Santé – L’allergie aux antibiotiques: un problème fréquent chez les patients fibro-kystiques
(SVB 2013)
La fibrose kystique engendre au sein des voies respiratoires la production de mucus visqueux et une colonisation bactérienne chronique, causant des infections pulmonaires récurrentes. Ces dernières nécessitent l’administration d’antibiotiques intraveineux à fortes doses, pour une durée prolongée. Par conséquent, les réactions indésirables aux antibiotiques sont fréquentes dans la population atteinte de fibrose kystique. Certaines réactions sont prévisibles, alors que d’autres ne le sont pas (alors appelées imprévisibles).

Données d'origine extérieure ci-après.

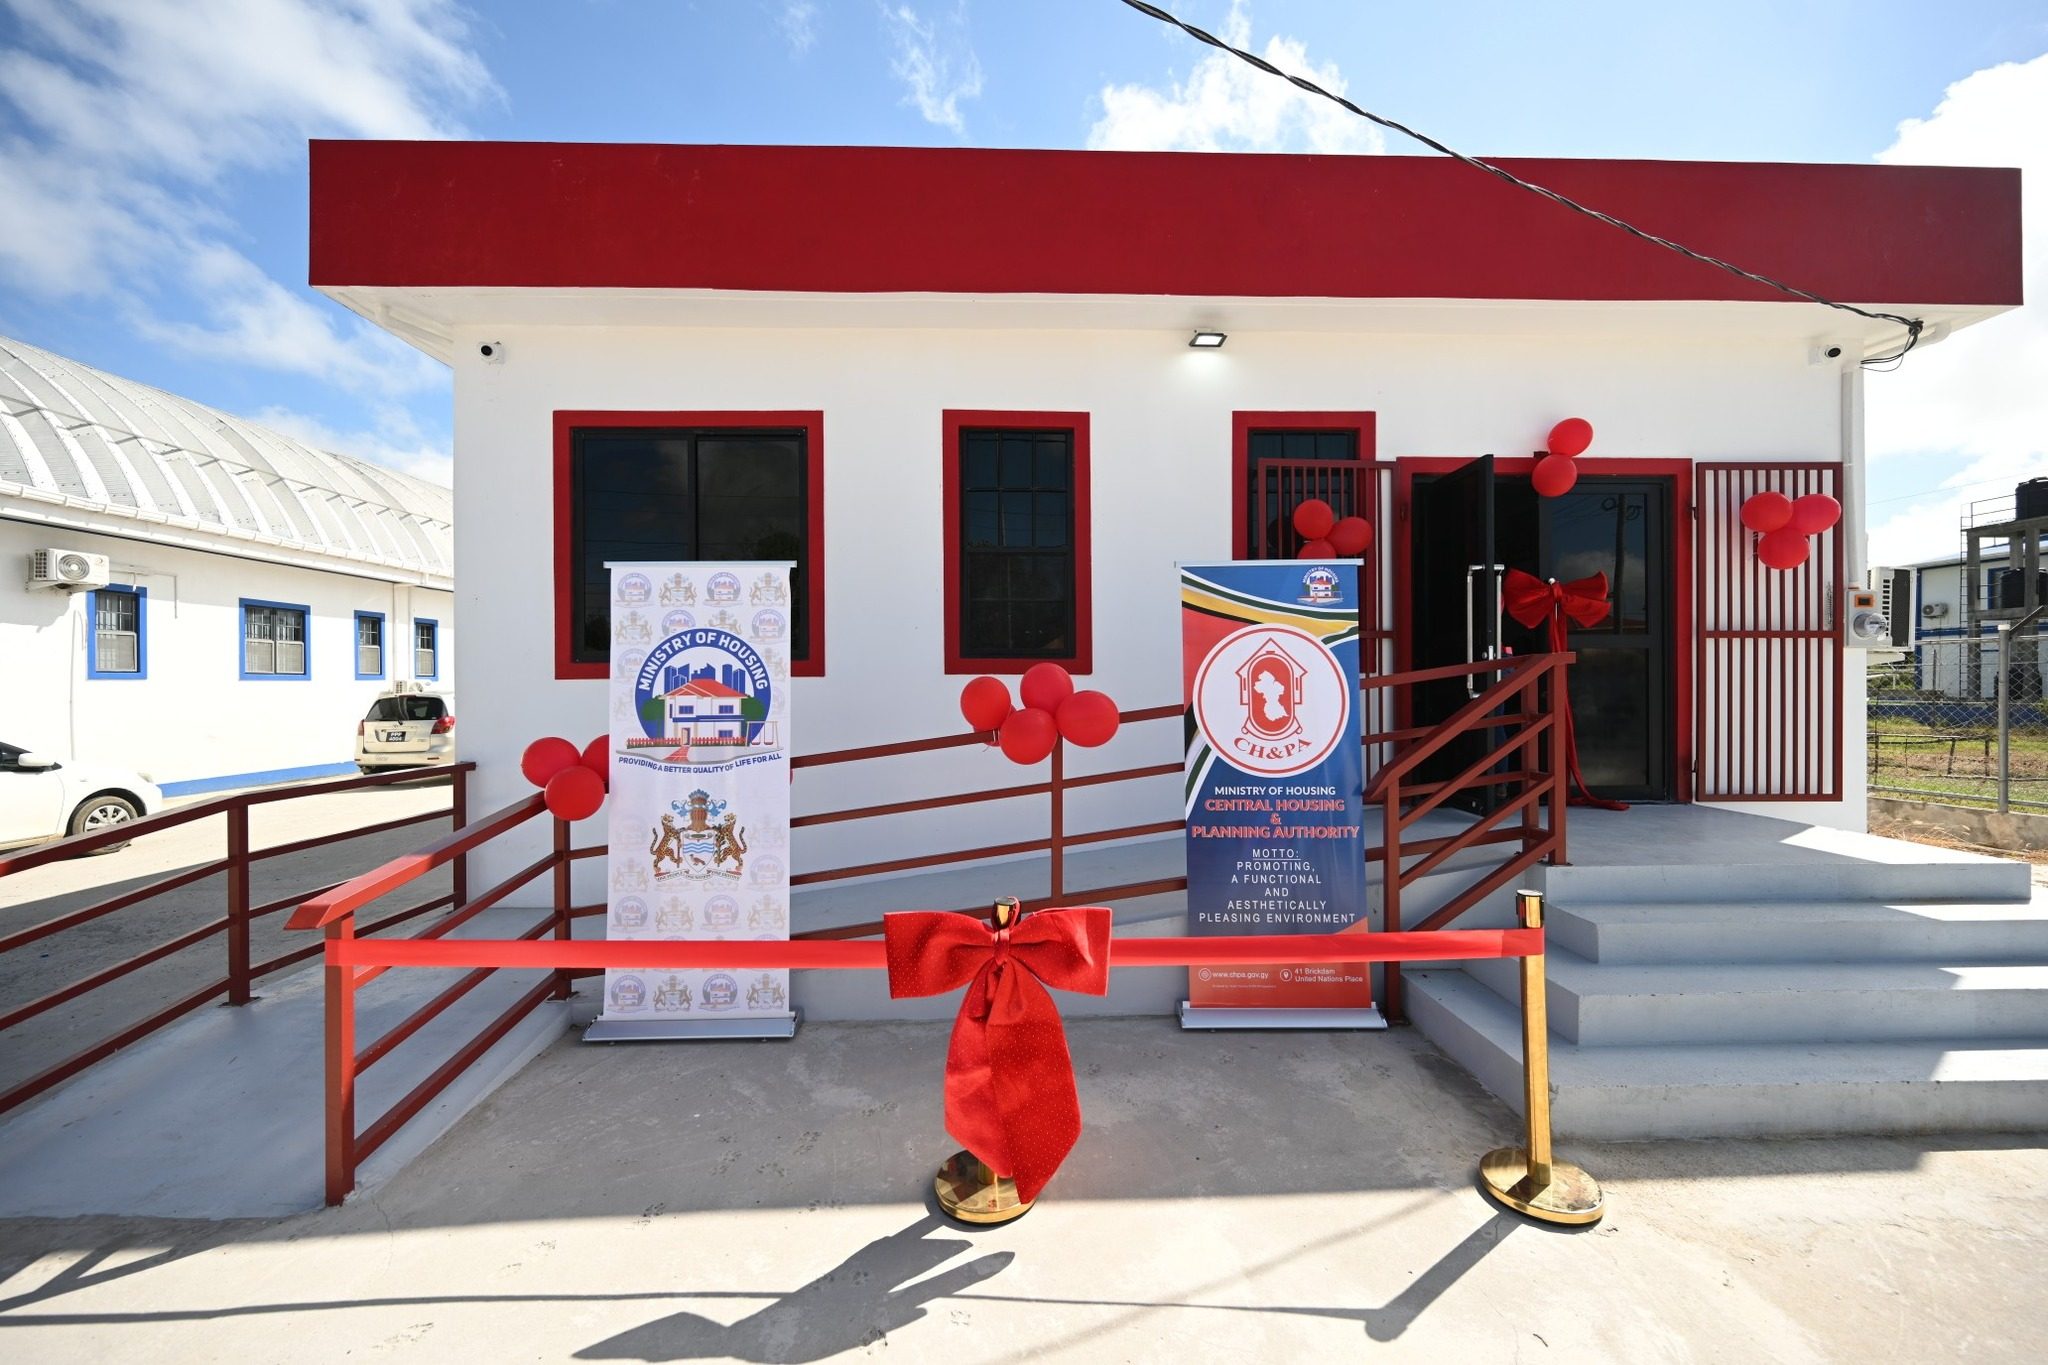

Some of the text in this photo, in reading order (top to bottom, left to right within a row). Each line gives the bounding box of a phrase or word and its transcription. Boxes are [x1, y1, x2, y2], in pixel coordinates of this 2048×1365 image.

[639, 631, 768, 691] MINISTRY OF HOUSING
[1234, 736, 1312, 759] CH&PA
[619, 757, 657, 770] PROVIDING
[657, 764, 663, 772] A
[735, 758, 751, 767] LIFE
[752, 756, 767, 764] FOR
[768, 753, 781, 762] ALL
[1215, 787, 1336, 795] MINISTRY OF HOUSING
[1204, 799, 1344, 811] CENTRAL HOUSING
[1270, 813, 1281, 825] &
[1192, 826, 1360, 838] PLANNING AUTHORITY
[1253, 849, 1299, 858] MOTTO:
[1237, 862, 1315, 872] PROMOTING,
[1231, 875, 1321, 884] A FUNCTIONAL
[1264, 888, 1289, 896] AND
[1228, 900, 1327, 910] AESTHETICALLY
[1200, 913, 1355, 923] PLEASING ENVIRONMENT

Les réactions prévisibles ne sont pas de nature allergique (Tableau 1). Cette catégorie comprend :
• les effets secondaires : par exemple, l’apparition d’une hypersensibilité cutanée au soleil chez un patient recevant de la ciprofloxacine;
• les interactions : par exemple, la réduction importante de l’élimination de l’alcool chez un patient traité au métronidazole, entraînant nausée, vomissement, palpitations et céphalées lors d’une prise concomitante;
• les réactions toxiques : par exemple, l’apparition d’un trouble de l’audition à la suite de l’utilisation d’aminosides (tobramycine).
Ces réactions sont bien décrites dans la documentation qui accompagne l’antibiotique. Elles peuvent en général être évitées si le patient prend connaissance de la fiche accompagnant le médicament et en discute avec son médecin ou son pharmacien.
Par ailleurs, certaines réactions sont imprévisibles. Ces dernières peuvent être séparées en deux groupes : les réactions pseudo-allergiques et les réactions allergiques. Les premières impliquent la libération directe de médiateurs chimiques en cause dans l’allergie, sans que le système immunitaire soit activé. La libération directe des médiateurs est provoquée par l’exposition à des agents en général reconnus (contraste iodé lors d’un examen en radiologie, opiacés, anti-inflammatoires non stéroïdiens). Les manifestations varient : rhinite, asthme, urticaire et hypotension. Ces réactions pseudo-allergiques sont peu fréquentes. Chez les patients qui ont déjà présenté une telle réaction, le recours à la prémédication avant l’exposition à l’agent incriminé (par exemple la prednisone et la diphenhydramine) est généralement efficace.
Les réactions allergiques vraies provoquées à la suite de l’administration d’un antibiotique sont trois fois plus fréquentes chez les patients atteints de fibrose kystique que dans la population générale. Les taux d’allergies signalés dans diverses études varient de 1,9 à 28 %. Cependant, la pipéracilline est signalée de façon systématique comme étant l’antibiotique associé au plus grand risque de réaction, soit de 33 à 50 % des événements signalés. Cette statistique doit cependant être nuancée par le fait que la pipéracilline est l’un des antibiotiques les plus utilisés lors d’exacerbations. L’administration par voie intraveineuse est associée à un plus grand risque de
développer une allergie.
Les réactions allergiques surviennent à la suite du déclenchement d’une réponse du système immunitaire provoquée par l’exposition répétée à un antibiotique donné. Elles sont regroupées en quatre types :
• le type I est lié au développement d’anticorps (IgE) contre l’antibiotique : la réaction se manifeste rapidement après l’administration et inclut l’urticaire, l’œdème, l’asthme jusqu’au choc anaphylactique, potentiellement mortel si non traité;
• le type IV est lié au développement d’un groupe de globules blancs, les lymphocytes T, dirigés contre l’antibiotique : cette réaction se manifeste plus tardivement, généralement par divers types d’atteintes cutanées;
• les types II et III sont rarement rencontrés lors d’allergies aux antibiotiques.
Le diagnostic d’une allergie médicamenteuse se base principalement sur un questionnaire détaillé. Les éléments recherchés sont le nom du médicament suspecté, l’indication du traitement, les symptômes lors de la réaction et leur évolution, la présence de ces symptômes avant la réaction ainsi que le traitement de la réaction.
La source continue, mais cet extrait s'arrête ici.